Explaining Suicide to Children: Webinar Suicidal R&PT
“What should I tell the children?“
A question often asked after the suicide of a loved one. The answer – the truth.
Many people still believe it is best to shield children from the truth, that somehow this will protect them. More often than not, the opposite is true. Misleading children, evading the truth, or telling falsehoods to them about how someone died can do much more harm than good; if they happen to hear the truth from someone else, their trust in you can be difficult to regain. Not knowing can be terrifying and hurtful. We’ve always been told that “honesty is the best policy” and just because the subject is suicide, that doesn’t mean this time is any different.
What children might be feeling after losing someone they love to suicide:
- Abandoned – that the person who died didn’t love them.
- Feel the death is their fault – if they would have loved the person more or behaved differently.
- Afraid that they will die too.
- Worried that someone else they love will die or worry about who will take care of them.
- Guilt – because they wished or thought of the person’s death.
- Embarrassed – to see other people or to go back to school.
- Angry – at the person who died, at God, at everyone.
- Denial – pretend like nothing happened.
- Numb – can’t feel anything.
- Wish it would all just go away.
Children and adolescents may have a multitude of feelings happening at the same time or simply may not feel anything at all. Whatever they are feeling, the important thing to remember is that they understand it is okay. And that whatever those feelings are, they have permission to let them out. If they want to keep them to themselves for a while, that’s okay too.
How do we explain suicide to children or young people? It may seem impossible and too complex to even try, but that’s exactly what we must do – try! Their age will be a factor in how much they can understand and how much information you give them. Some children will be content with an answer consisting of one or two sentences, others might have continuous questions, which they should be allowed to ask, and to have answered.
After children learn that the death was by suicide, one of their first questions might be, “What is suicide?” Explain that people die in different ways – some die from cancer, from heart attacks, some from car accidents, and that suicide means that a person did it to him or herself. If they ask how, once again it will be difficult, but be honest.

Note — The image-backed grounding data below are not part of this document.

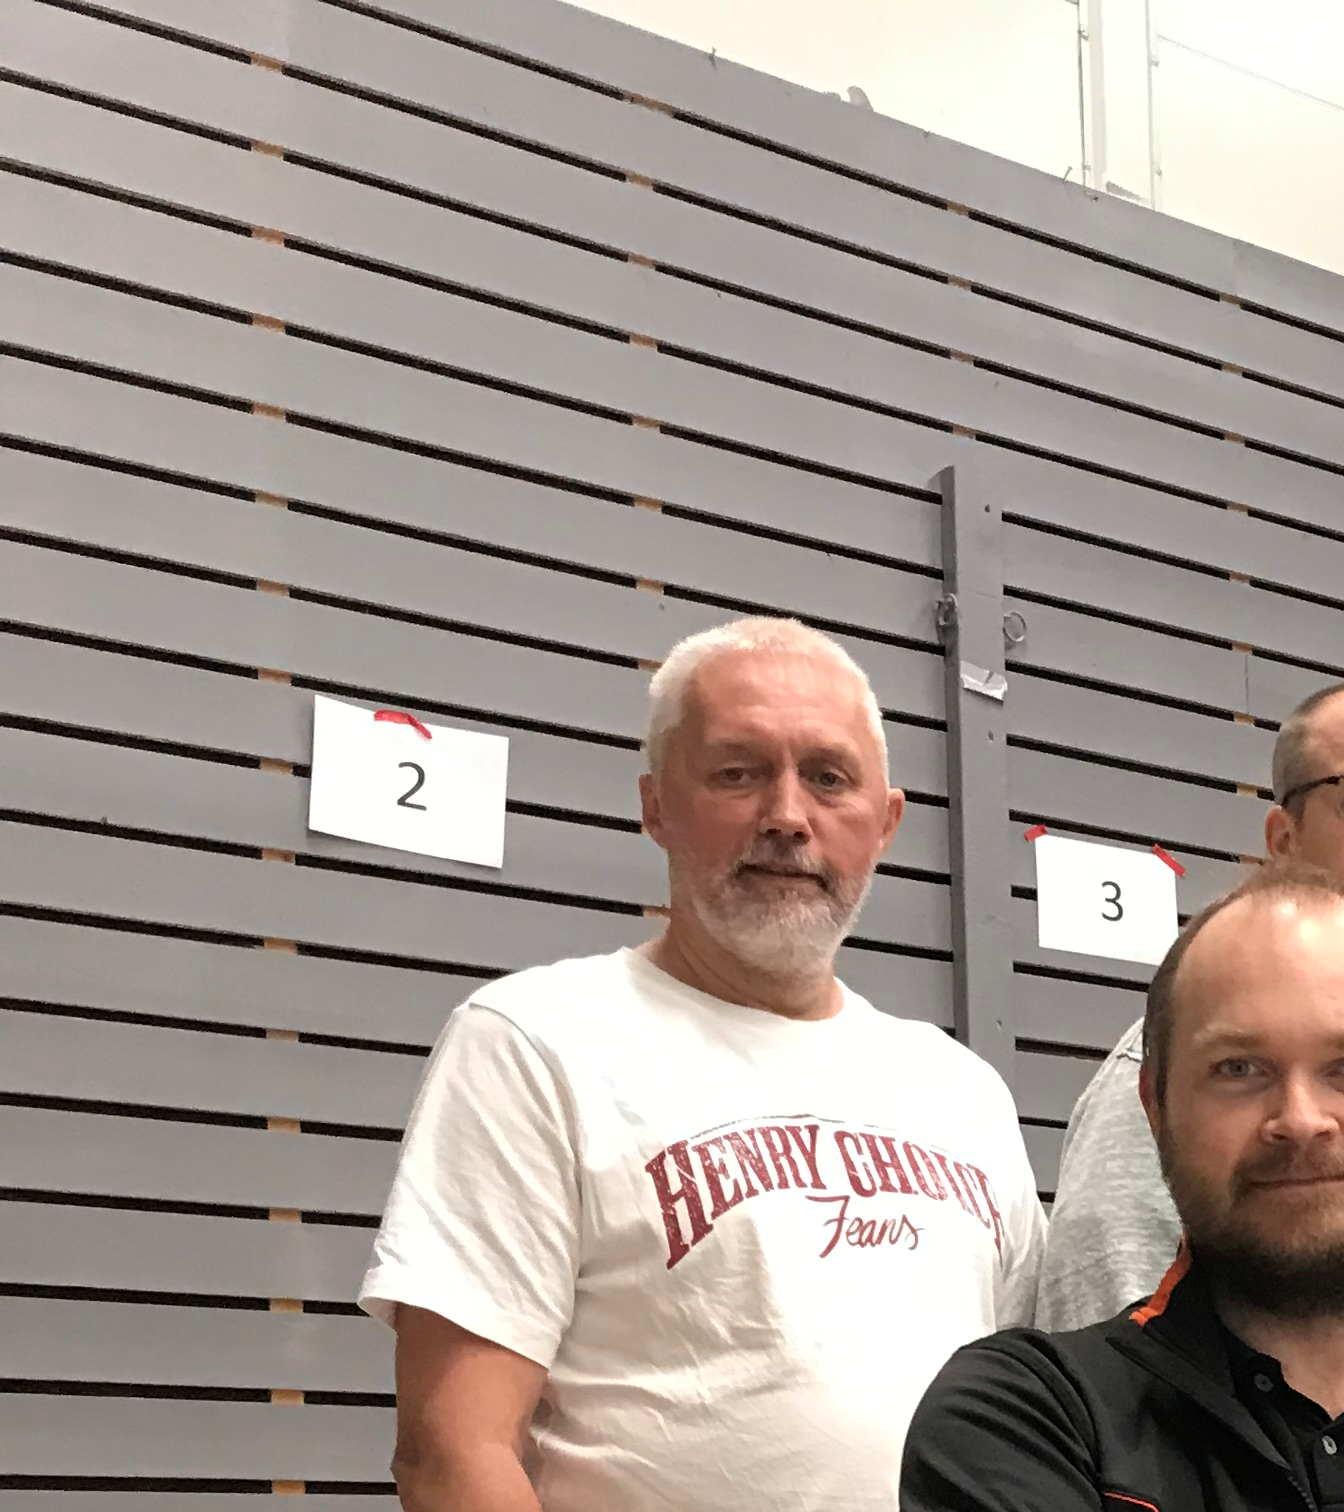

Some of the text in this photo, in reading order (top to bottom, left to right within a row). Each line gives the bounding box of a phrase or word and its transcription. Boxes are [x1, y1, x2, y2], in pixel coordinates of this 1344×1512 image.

[396, 760, 428, 812] 2
[1100, 880, 1124, 922] 3
[645, 1123, 1005, 1270] HENRY CHOICE
[805, 1193, 925, 1260] Jeans
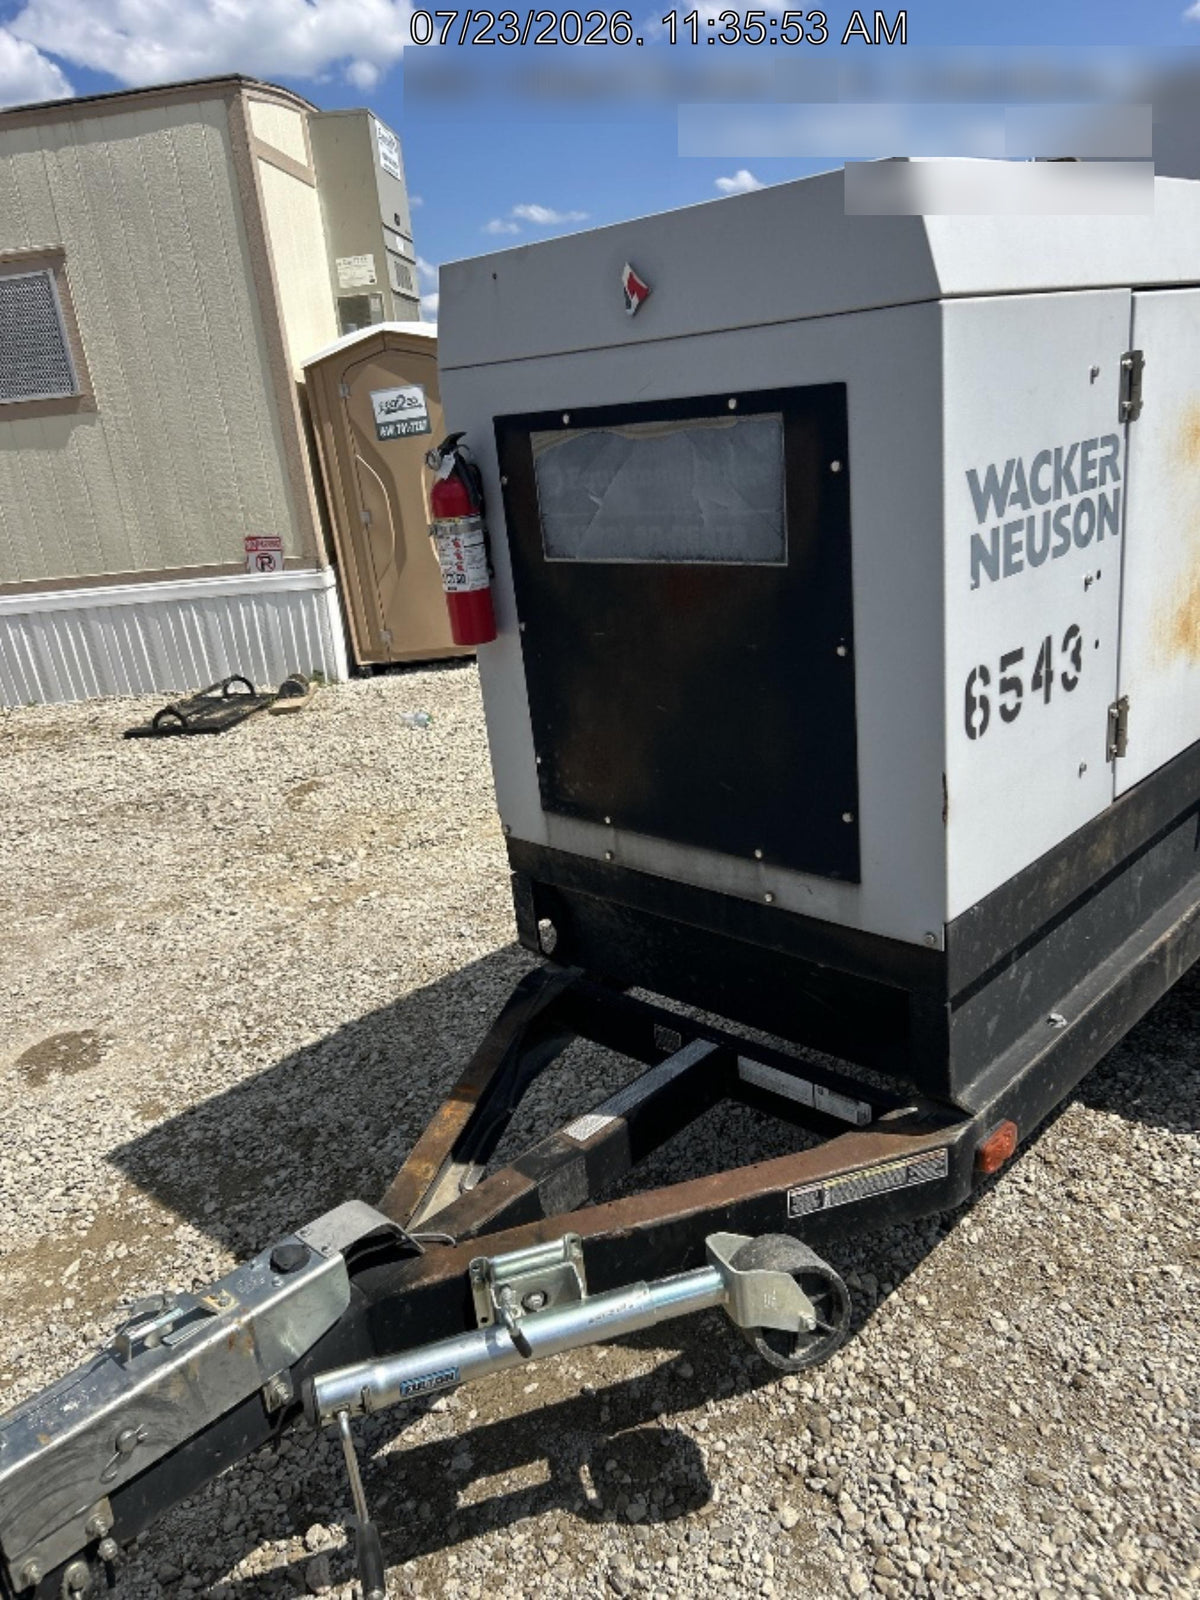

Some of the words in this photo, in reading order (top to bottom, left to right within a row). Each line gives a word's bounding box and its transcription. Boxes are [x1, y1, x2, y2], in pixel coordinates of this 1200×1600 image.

[965, 433, 1121, 524] WACKER
[970, 487, 1121, 591] NEUSON
[965, 624, 1082, 740] 6543
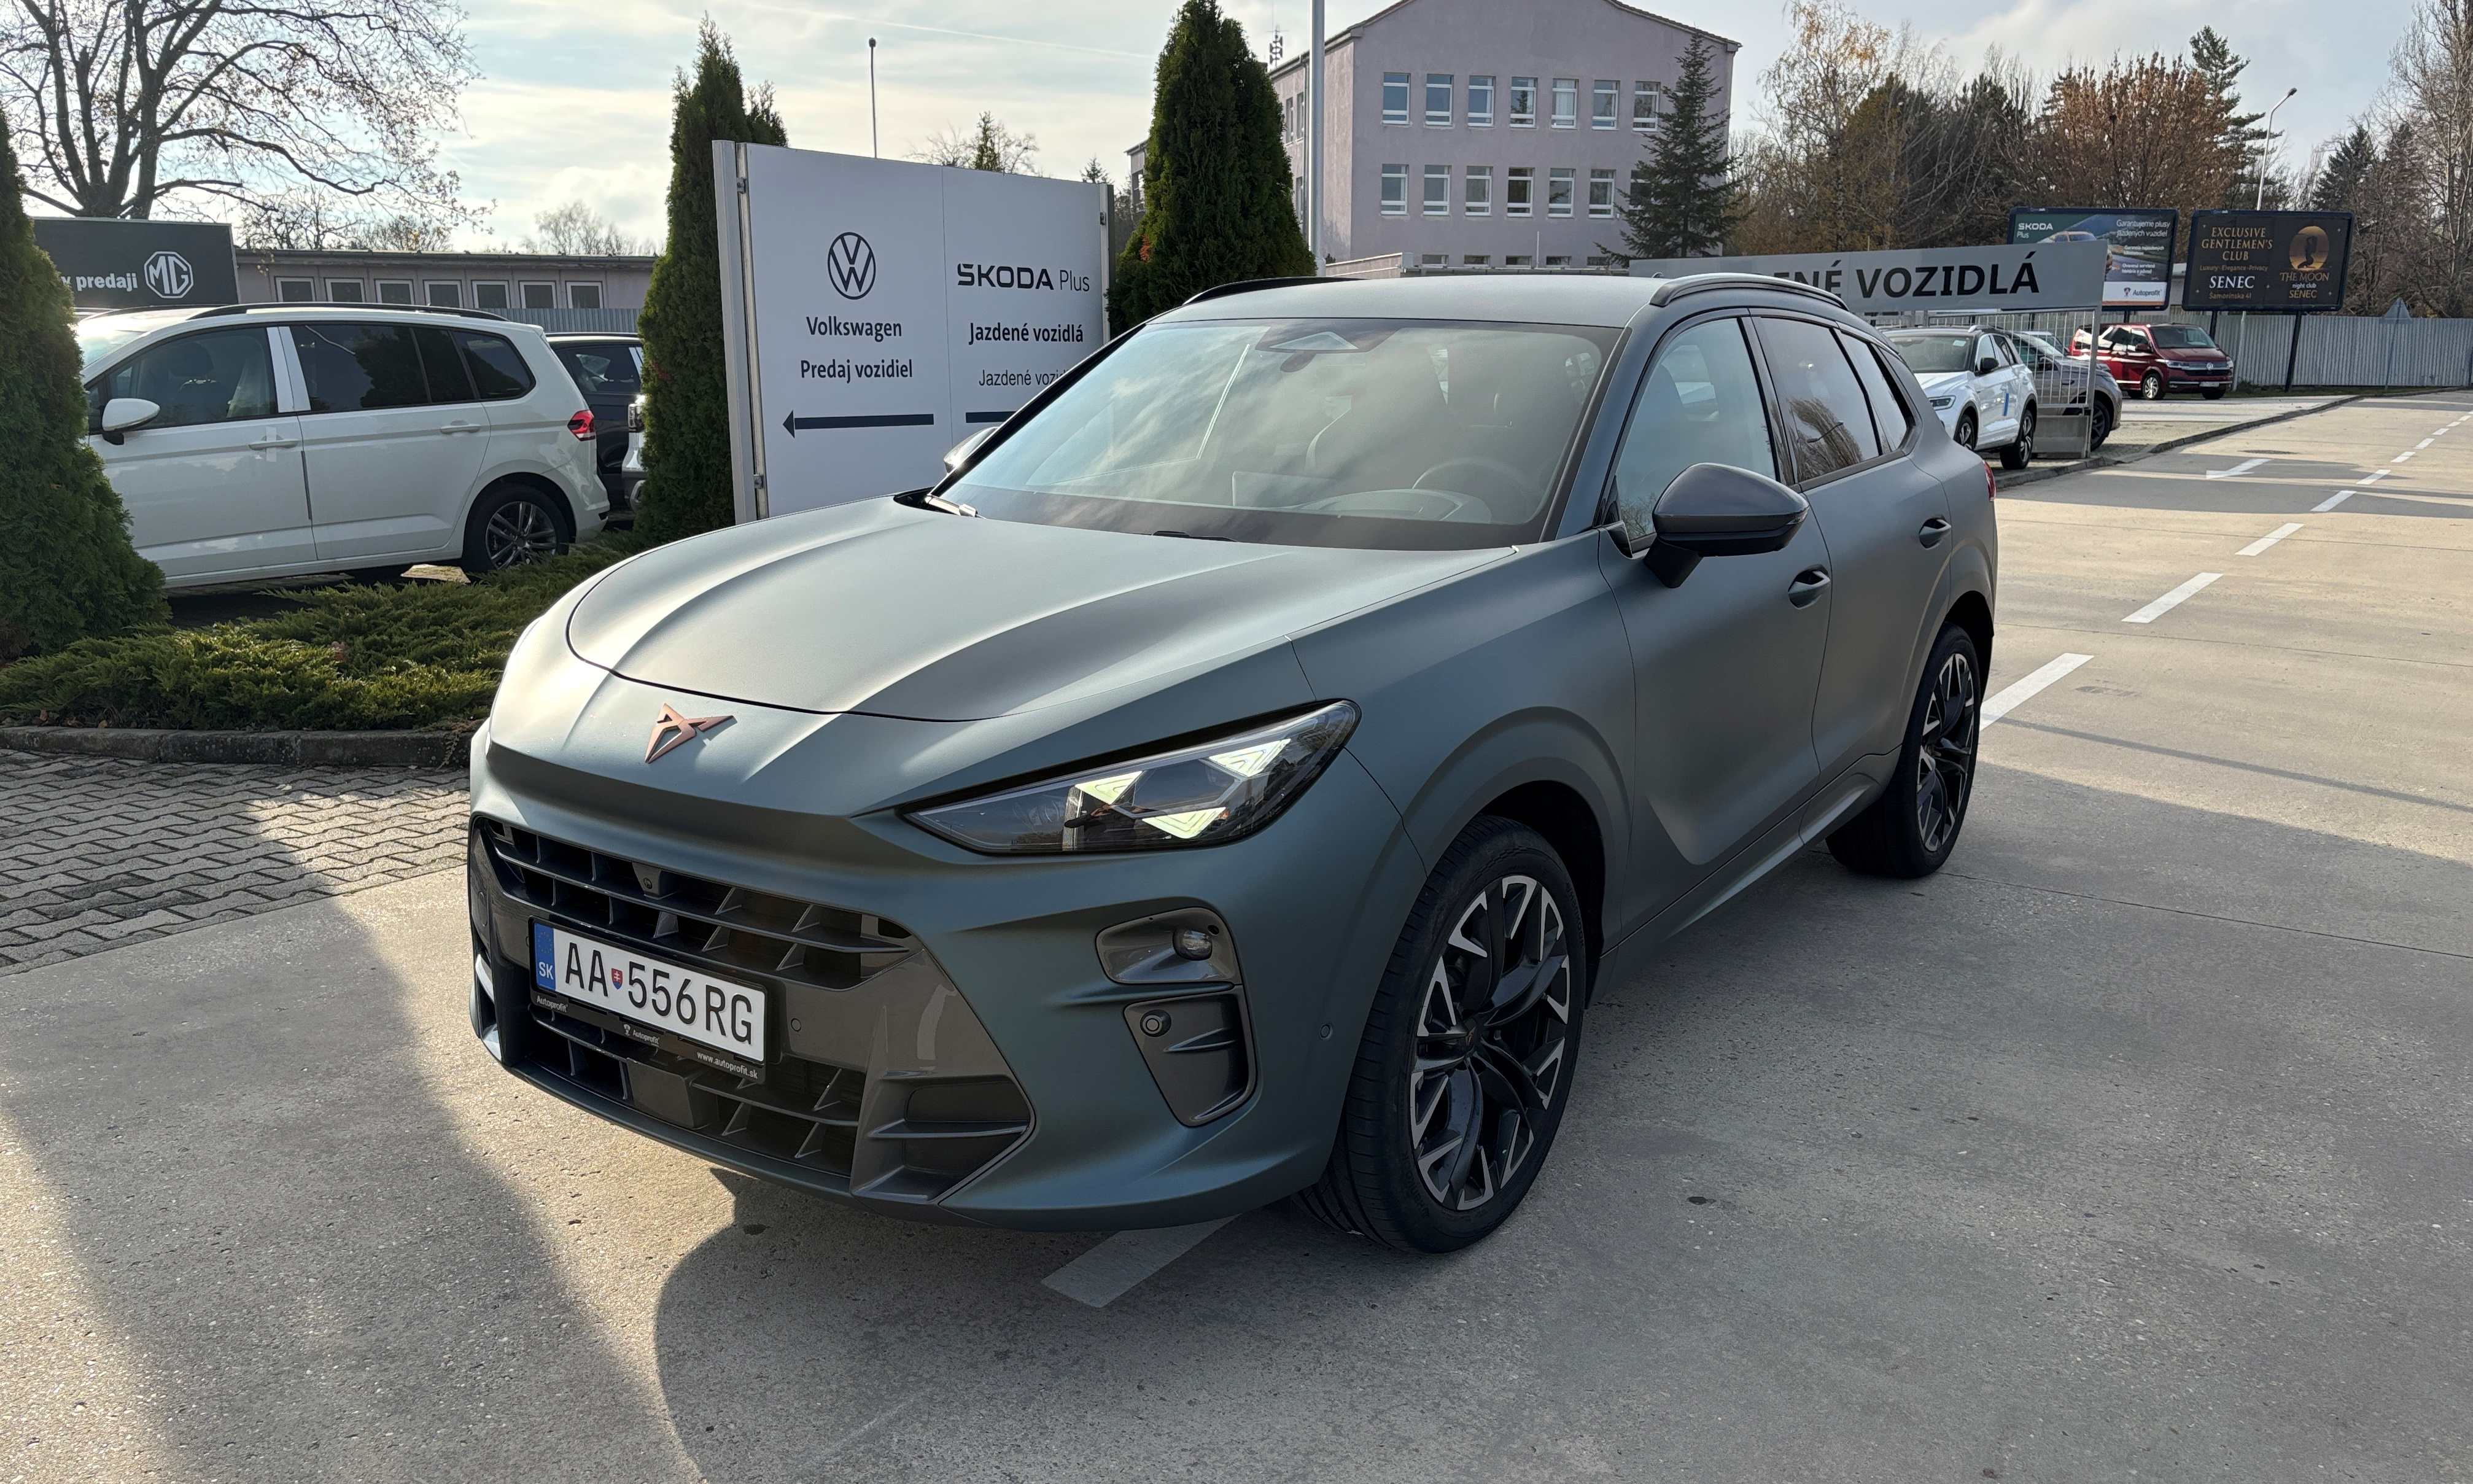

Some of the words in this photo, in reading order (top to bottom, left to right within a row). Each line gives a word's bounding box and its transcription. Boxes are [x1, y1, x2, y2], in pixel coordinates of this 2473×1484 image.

[2116, 220, 2154, 229] Garantujeme
[2154, 220, 2171, 230] plusy
[2211, 227, 2265, 238] EXCLUSIVE
[2202, 239, 2272, 249] GENTLEMEN'S
[2223, 251, 2249, 261] CLUB
[76, 273, 138, 291] predaji
[1060, 270, 1090, 292] Plus
[1855, 250, 2040, 299] VOZIDLÁ
[2209, 276, 2255, 289] SENEC
[2280, 272, 2297, 282] THE
[2299, 272, 2329, 282] MOON
[806, 315, 902, 342] Volkswagen
[969, 322, 1029, 345] Jazdené
[1033, 324, 1084, 343] vozidlá
[801, 359, 851, 384] Predaj
[855, 359, 912, 378] vozidiel
[979, 370, 1031, 386] Jazdené
[538, 961, 554, 981] SK
[565, 941, 608, 997] AA
[536, 995, 569, 1013] Autoprofit
[632, 1029, 660, 1045] Autoprofit
[696, 1051, 758, 1079] www.autoprofit.sk

Some examples of explaining why suicide happens might be: “He had a illness in his brain (or mind) and he died.” “His brain got very sick and he died.” “The brain is an organ of the body just like the heart, liver and kidneys. Sometimes it can get sick, just like other organs.” “She had an illness called depression and it caused her to die.” (If someone the child knows, or the child herself, is being treated for depression, it’s critical to stress that only some people die from depression, not everyone who has depression. And that there are many options for getting help, e.g. medication, psychotherapy or a combination or both.)
A more detailed explanation might be: “Our thoughts and feelings come from our brain, and sometimes a person’s brain can get very sick – the sickness can cause a person to feel very badly inside. It also makes a person’s thoughts get all jumbled and mixed up, so he can’t think clearly. Some people can’t think of any other way of stopping the hurt they feel inside. They don’t understand that they don’t have to feel that way, that they can get help.”
(It’s important to note that there are people who were getting help for their depression and died anyway. Just as in other illnesses, a person can receive the best medical treatment and still not survive. This can also be the case with depression. If this is what occurred in your family, children and adolescents can usually understand the analogy above when it is explained to them.)
Children need to know that the person who died loved them, but that because of the illness, the person may have been unable to convey that to them or think about how the children would feel after the loved one’s death. They need to know that the suicide was not their fault, and that nothing they said or did, or didn’t say or do, caused the death.
Some children might ask questions related to the the morals of suicide – good/bad, right/wrong. It is best to steer clear of this, if possible. Suicide is none of these – it is something that happens when pain exceeds resources for coping with that pain.
Whatever approach is taken when explaining suicide to children, they need to know they can talk about it and ask questions whenever they feel the need, to know that there are people there who will listen. They need to know that they won’t always feel the way they do now, that things will get better, and that they will be loved and taken care of no matter what.